Le 08/10/2018, disparition forcée du Vice-président Boniface Twagirimana : les FDU-Inkingi appellent le gouvernement rwandais à la vérité et à la justice.

Sept ans viennent de s’écouler sans trace de l’opposant politique Boniface Twagirimana, à l’époque vice-président du parti FDU-INKINGI de Victoire INGABIRE Umuhoza, non encore enregistré au Rwanda. Disparu depuis le 8 octobre 2018, alors qu’il venait d’être transféré dans la prison de haute sécurité de Mpanga au sud du pays, tout laisse penser qu’il a été enlevé de sa cellule puis conduit vers une destination inconnue.
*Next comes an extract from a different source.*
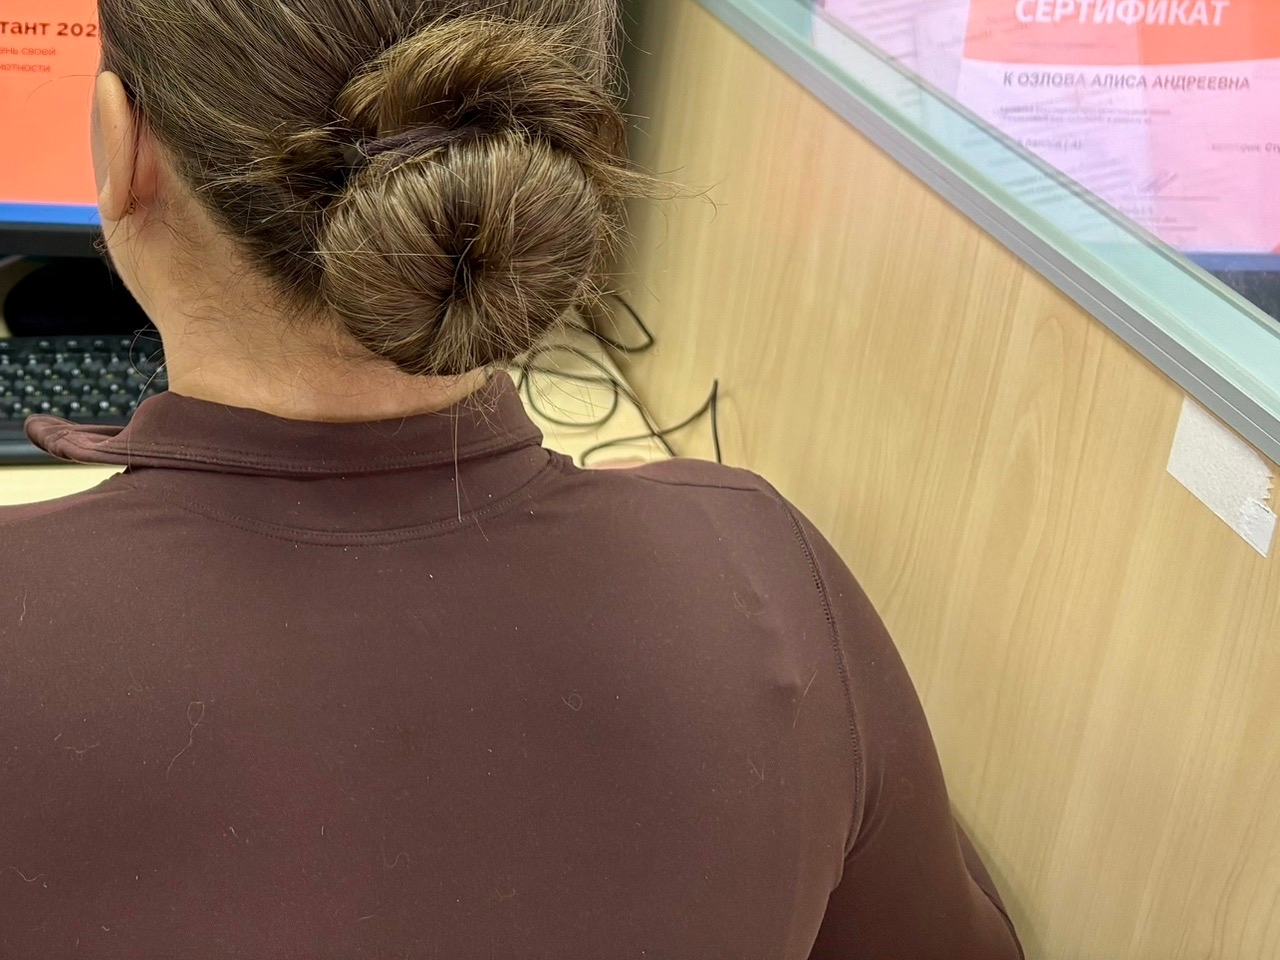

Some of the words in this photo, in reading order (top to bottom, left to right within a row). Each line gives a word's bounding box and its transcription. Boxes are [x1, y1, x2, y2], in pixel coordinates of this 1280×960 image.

Agé de 43 ans et père de deux enfants, Boniface TWAGIRIMANA avait été arrêté le 6 septembre 2017, dans le cadre d’une vaste répression après les élections présidentielles d’août 2017, élections jugées calamiteuses par de nombreux observateurs internationaux et par les partis d’opposition.

Connu pour ses prises de position critiques à l’égard du régime rwandais, le vice-président Boniface TWAGIRIMANA avait lui-même qualifié le scrutin de 2017 de « simulacre d’élection » visant à asseoir la légitimité du général Paul Kagame aux yeux de la communauté internationale. Au cours des jours suivants, d’autres membres du parti FDU-Inkingi ont également été arrêtés et inculpés de crimes fabriqués en lien avec la sécurité de l’État, notamment la création d’un groupe armé irrégulier et de délits contre le président. Détenu auparavant avec ses coprévenus, Boniface TWAGIRIMANA est le seul à avoir été transféré de la prison de Mageragere (Kigali) à celle de Mpanga à cette date. Cinq jours après son transfert, les autorités rwandaises ont déclaré publiquement que TWAGIRIMANA s’était évadé de la prison.

La prison de Mpanga est réputée pour son niveau élevé de sécurité tel que personne ne peut s’évader. Elle est entourée de longs murs coiffés de fils barbelés, pratiquement infranchissables. Sans parler de gardiens de prisons qui veillent sur les entrées et les sorties, et qui font la ronde à l’extérieur.

Par ailleurs, sa famille doutait que cela soit le cas, car « Boniface espérait obtenir gain de cause devant le tribunal et il attendait sa libération », a déclaré à Human Right Watch un membre de sa famille. «Pourquoi donc se serait-il évadé ? Quelque chose de terrible a du lui arriver ». Des amis et collègues de TWAGIRIMANA ont également contesté l’explication du gouvernement, alléguant que d’après d’autres détenus TWAGIRIMANA aurait été enlevé et emmené à bord d’un véhicule de la prison.

Contactée par RFI, son épouse Rehema Uwimana, qui a été informée de son transfert et lui a rendu visite à Mpanga le 6 octobre déclare : « ….j’ai été surprise en entendant dire qu’il s’était évadé, cela m’a effrayé et je n’y ai pas cru parce que mon mari a été transféré dans cette nouvelle prison le 3 octobre, raconte-t-elle. On l’a placé tout de suite à l’isolement en compagnie d’un autre homme [Aimable Murenzi]. Il ne pouvait pas aller dehors. Je suis allé le voir samedi [le 6 octobre], il n’est pas sorti puis on a dit qu’il s’est évadé le lendemain ? Je me suis demandée comment il a pu s’échapper d’un endroit qu’il ne connaissait pas et je n’ai rien compris à tout ça. Il était lui-même très inquiet parce que d’autres prisonniers l’avaient approché pour lui dire qu’il était enfermé avec un homme très dangereux, qui était là pour l’espionner, poursuit Rehema UWIMANA. Personnellement, je ne pense pas qu’il se soit évadé, quelque chose a dû lui arriver…».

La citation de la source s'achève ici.